How to complete this task →
Your answer is the line containing "this 1280×1440 image." plus every line after it through the end of the records, printed exactly and free of pictures.

Information shown →
• • • • • • •

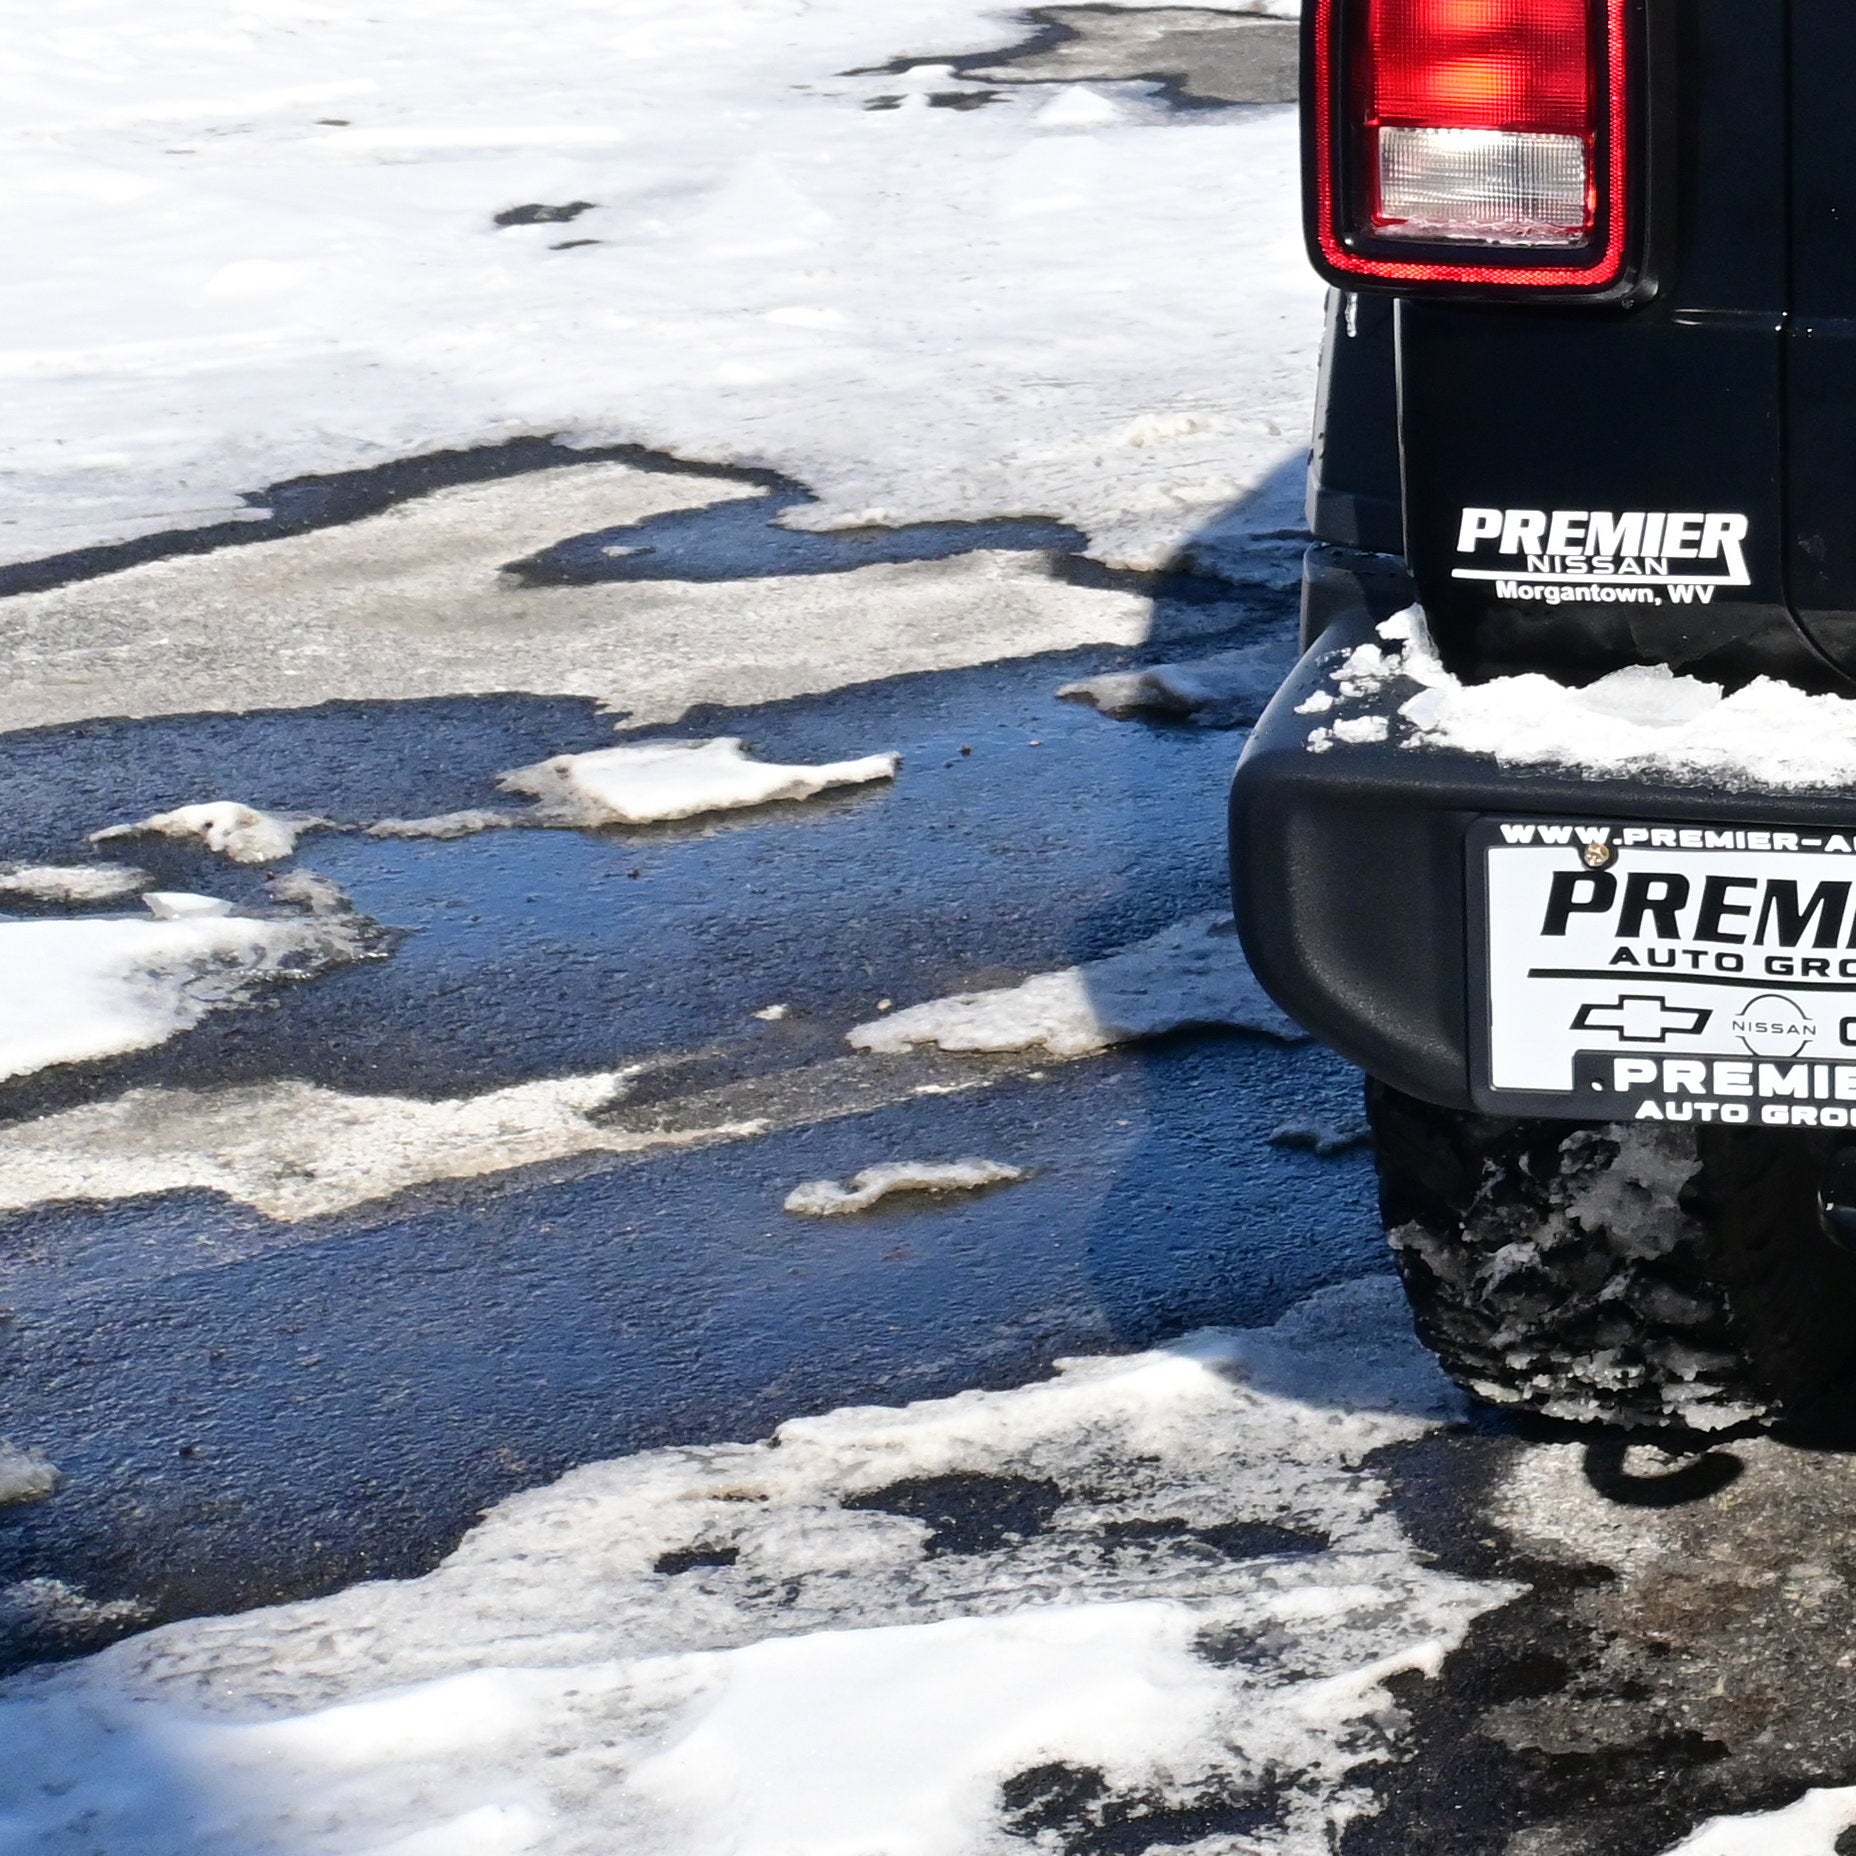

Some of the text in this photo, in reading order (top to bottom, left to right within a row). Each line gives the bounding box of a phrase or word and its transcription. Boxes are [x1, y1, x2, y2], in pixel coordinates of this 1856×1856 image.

[1456, 507, 1751, 585] PREMIER
[1527, 554, 1670, 576] NISSAN
[1495, 580, 1715, 606] Morgantown, WV
[1608, 945, 1745, 973] AUTO
[1731, 1019, 1817, 1037] NISSAN
[1633, 1099, 1746, 1124] AUTO
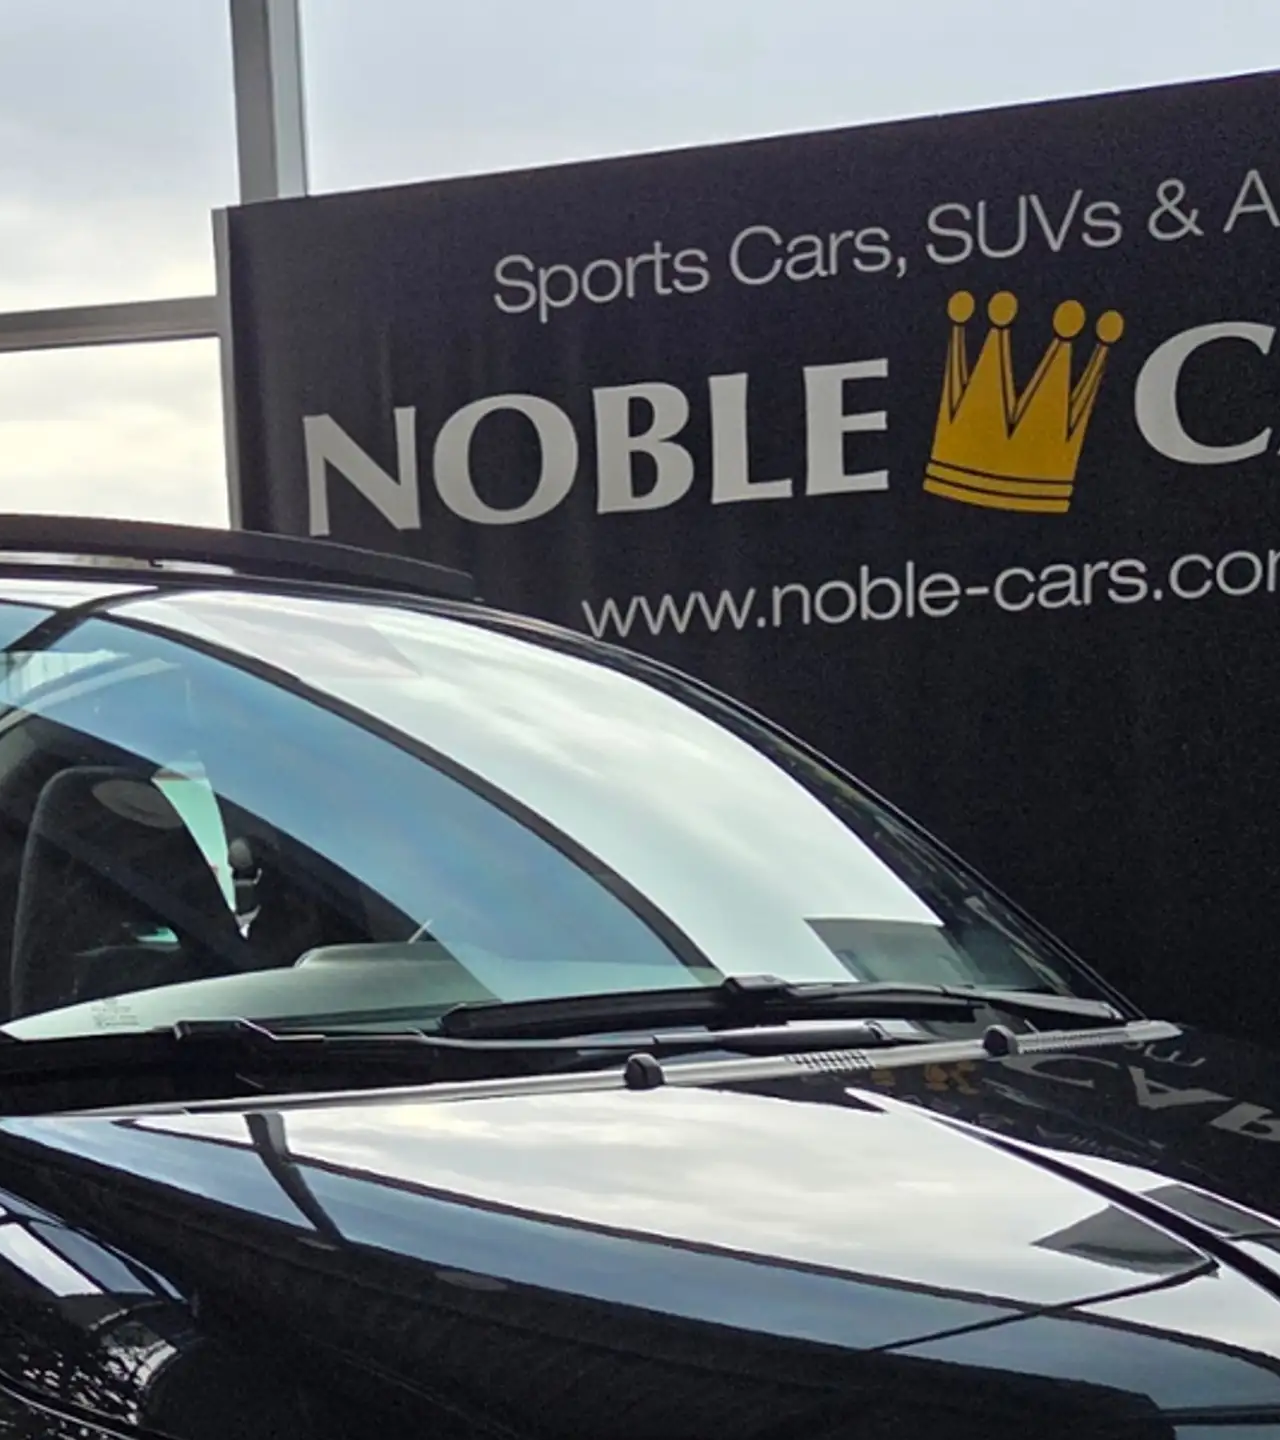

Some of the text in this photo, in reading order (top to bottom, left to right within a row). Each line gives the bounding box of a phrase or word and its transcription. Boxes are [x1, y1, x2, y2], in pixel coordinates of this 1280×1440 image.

[493, 240, 710, 324] Sports
[730, 225, 907, 286] Cars,
[924, 189, 1121, 265] SUVs
[1148, 178, 1204, 241] &
[302, 360, 889, 537] NOBLE
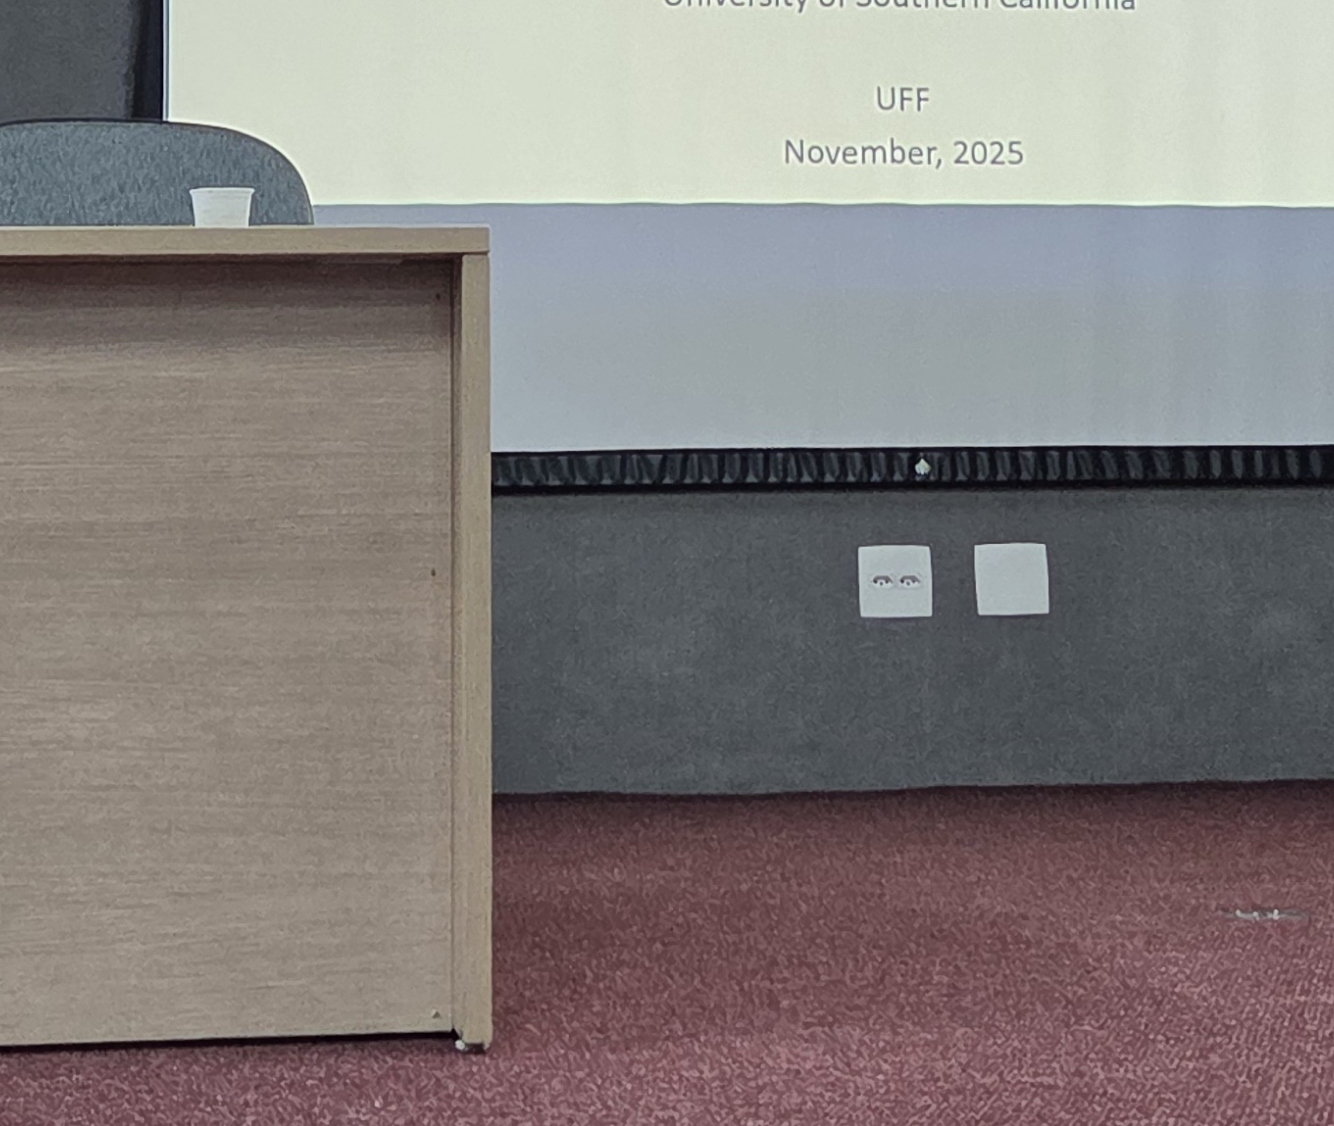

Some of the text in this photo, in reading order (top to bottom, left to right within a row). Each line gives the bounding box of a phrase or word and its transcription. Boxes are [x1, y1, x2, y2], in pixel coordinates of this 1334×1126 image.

• • • • • • •

Solution below →
Some of the text in this photo, in reading order (top to bottom, left to right within a row). Each line gives the bounding box of a phrase or word and its transcription. Boxes are [x1, y1, x2, y2], in pixel coordinates of this 1280×1440 image.

[493, 240, 710, 324] Sports
[730, 225, 907, 286] Cars,
[924, 189, 1121, 265] SUVs
[1148, 178, 1204, 241] &
[302, 360, 889, 537] NOBLE

Some of the text in this photo, in reading order (top to bottom, left to right within a row). Each line gives the bounding box of a phrase or word and its transcription. Boxes are [x1, y1, x2, y2], in pixel coordinates of this 1334×1126 image.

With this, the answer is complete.